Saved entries
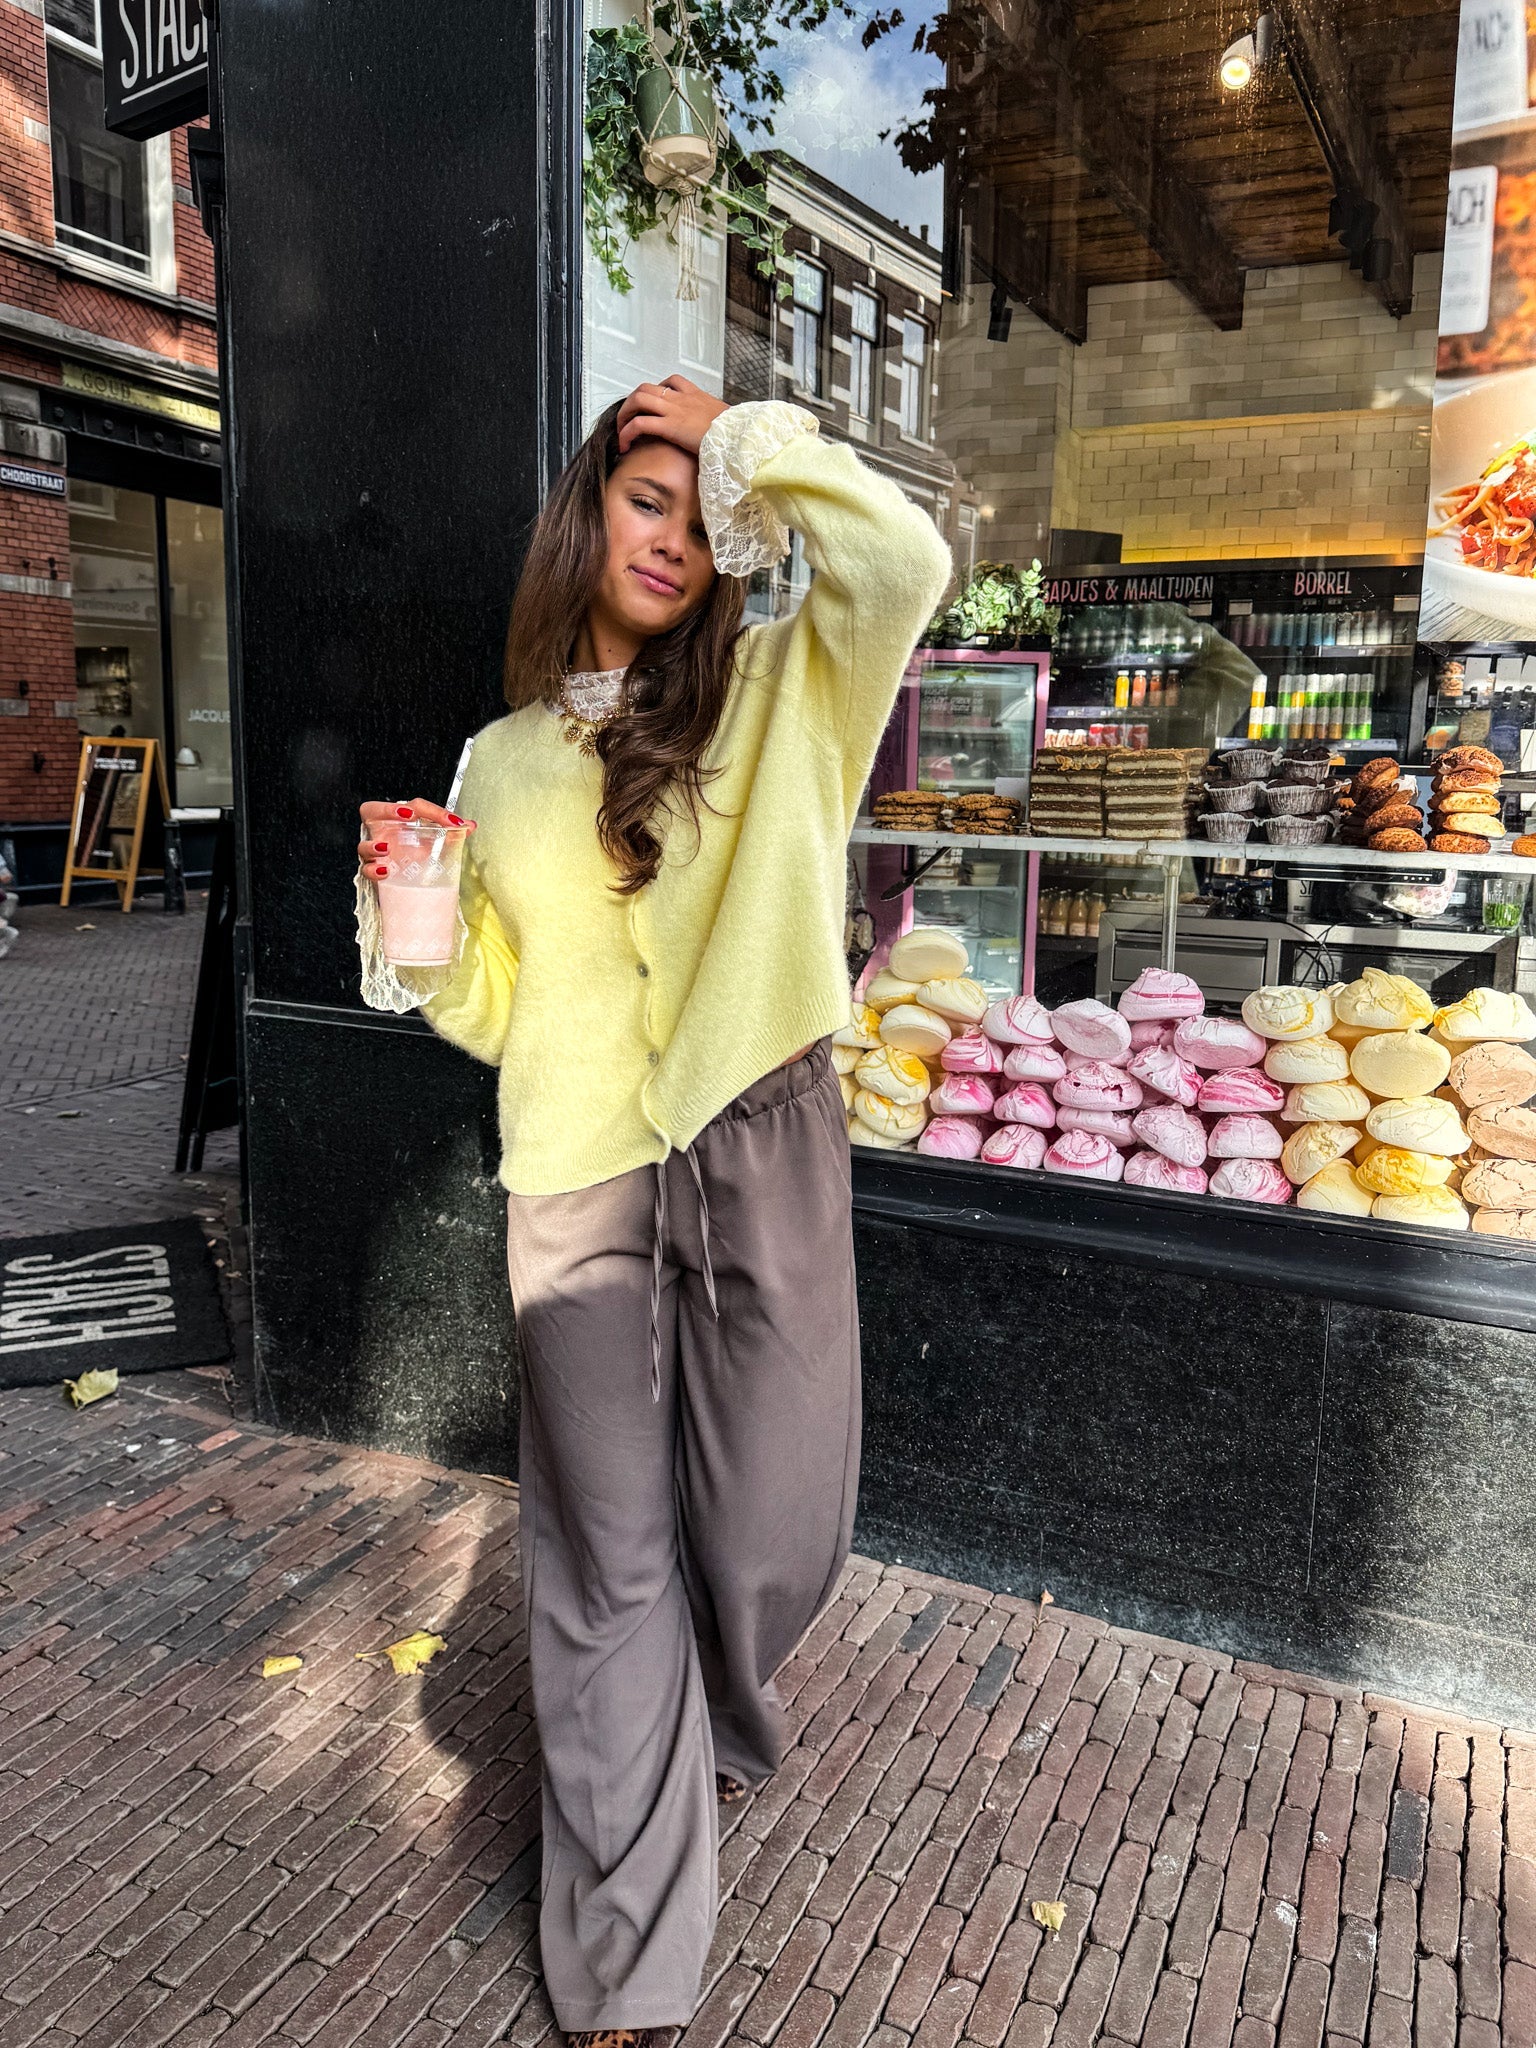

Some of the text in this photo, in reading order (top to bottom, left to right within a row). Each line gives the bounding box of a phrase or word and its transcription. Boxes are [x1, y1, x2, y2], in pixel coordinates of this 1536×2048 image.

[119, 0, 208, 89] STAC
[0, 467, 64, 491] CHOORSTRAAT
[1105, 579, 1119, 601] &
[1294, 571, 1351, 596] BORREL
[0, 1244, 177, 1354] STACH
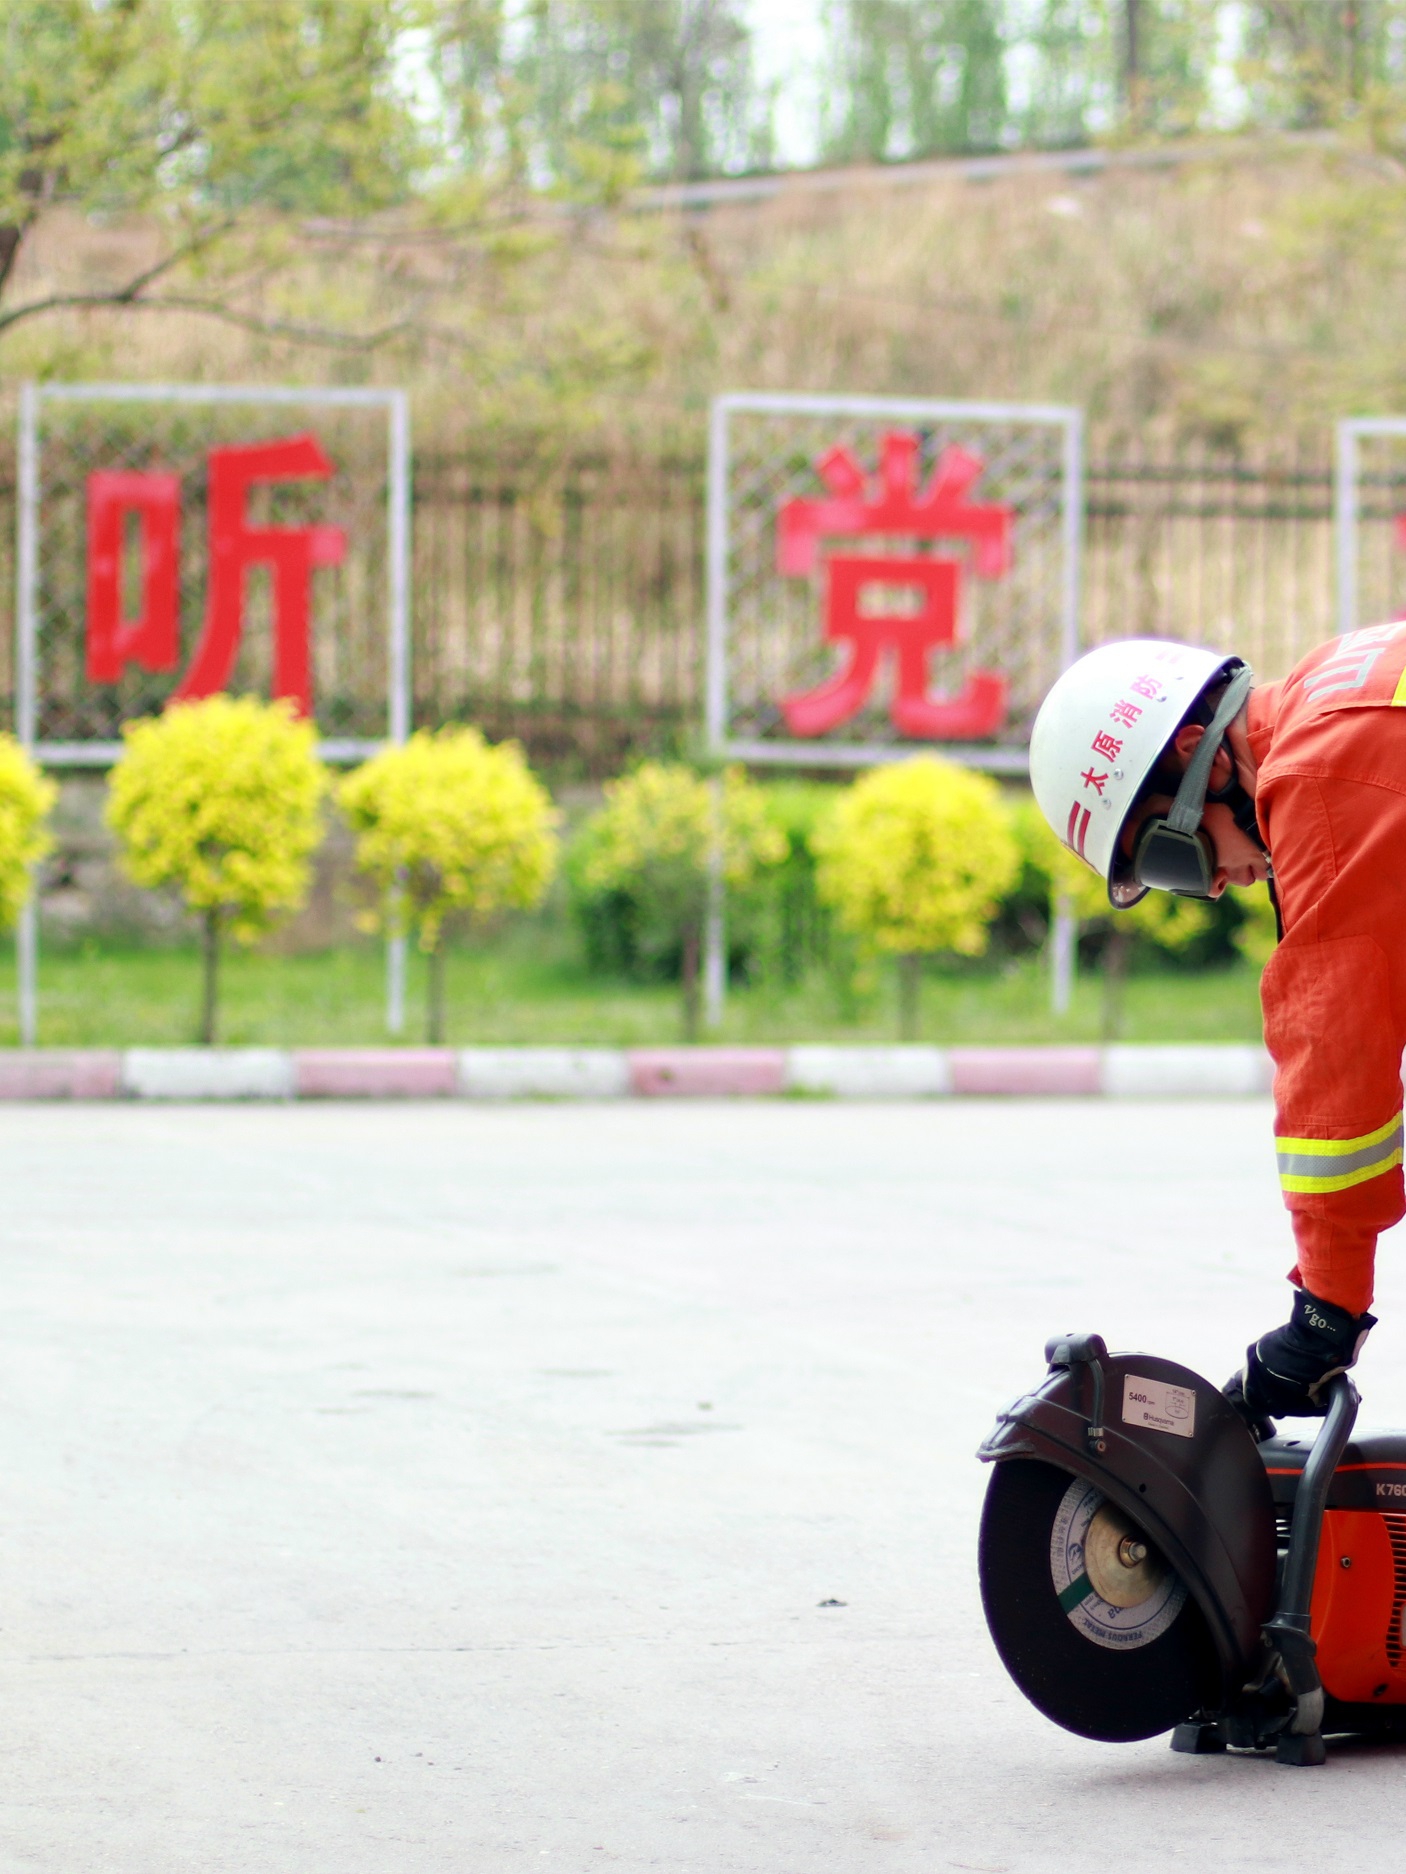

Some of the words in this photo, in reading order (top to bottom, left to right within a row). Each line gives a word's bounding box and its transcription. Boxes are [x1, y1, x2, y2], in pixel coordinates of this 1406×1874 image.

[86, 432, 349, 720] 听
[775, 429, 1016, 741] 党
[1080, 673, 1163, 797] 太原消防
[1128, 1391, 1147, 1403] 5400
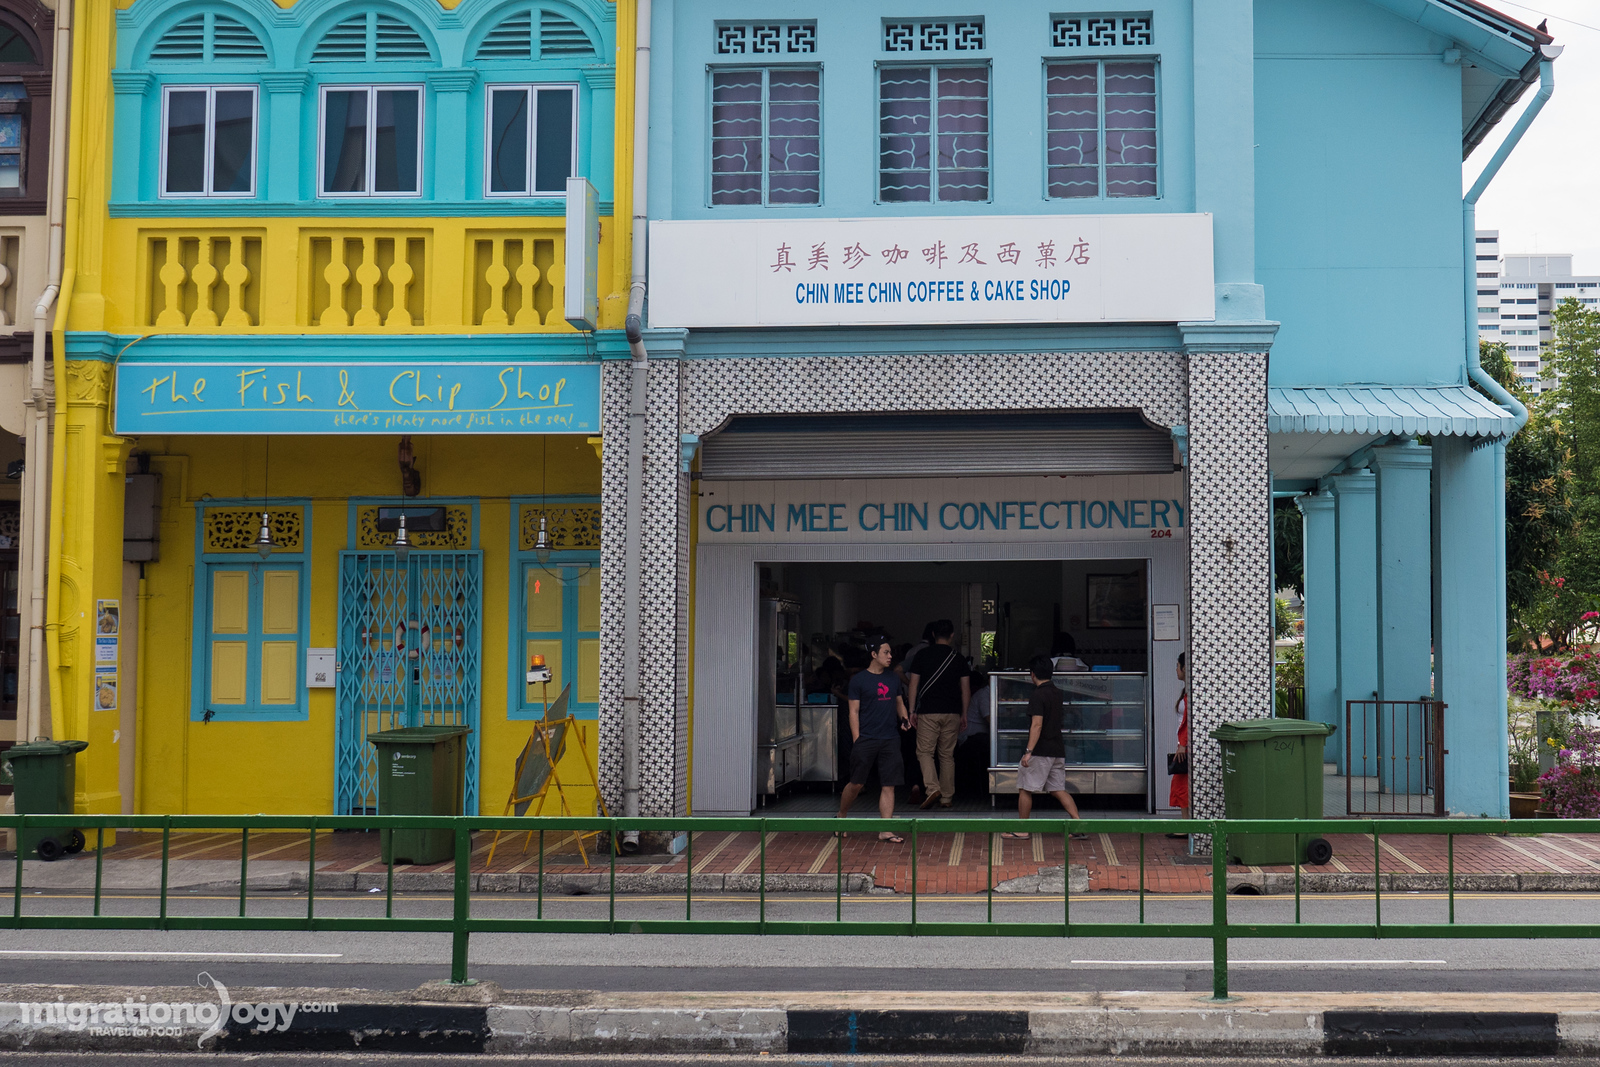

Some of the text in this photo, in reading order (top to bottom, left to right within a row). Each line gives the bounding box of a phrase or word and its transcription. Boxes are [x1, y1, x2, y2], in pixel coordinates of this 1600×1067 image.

About this exercise: Write the records above out again exactly, with no pictures in your copy.

Your response:
Some of the text in this photo, in reading order (top to bottom, left to right within a row). Each line gives the bounding box of a phrase or word and its transcription. Boxes are [x1, y1, x2, y2], in pixel coordinates of this 1536×2048 image.

[119, 0, 208, 89] STAC
[0, 467, 64, 491] CHOORSTRAAT
[1105, 579, 1119, 601] &
[1294, 571, 1351, 596] BORREL
[0, 1244, 177, 1354] STACH

Some of the words in this photo, in reading order (top to bottom, left to right within a row). Each line gives a word's bounding box and its transcription. Boxes are [x1, y1, x2, y2], in pixel coordinates of this 1406×1874 image.

[86, 432, 349, 720] 听
[775, 429, 1016, 741] 党
[1080, 673, 1163, 797] 太原消防
[1128, 1391, 1147, 1403] 5400

Some of the text in this photo, in reading order (top to bottom, left to right within a row). Each line gives the bounding box of a phrase or word and its transcription. Boxes are [x1, y1, x2, y2], in pixel coordinates of this 1600×1067 image.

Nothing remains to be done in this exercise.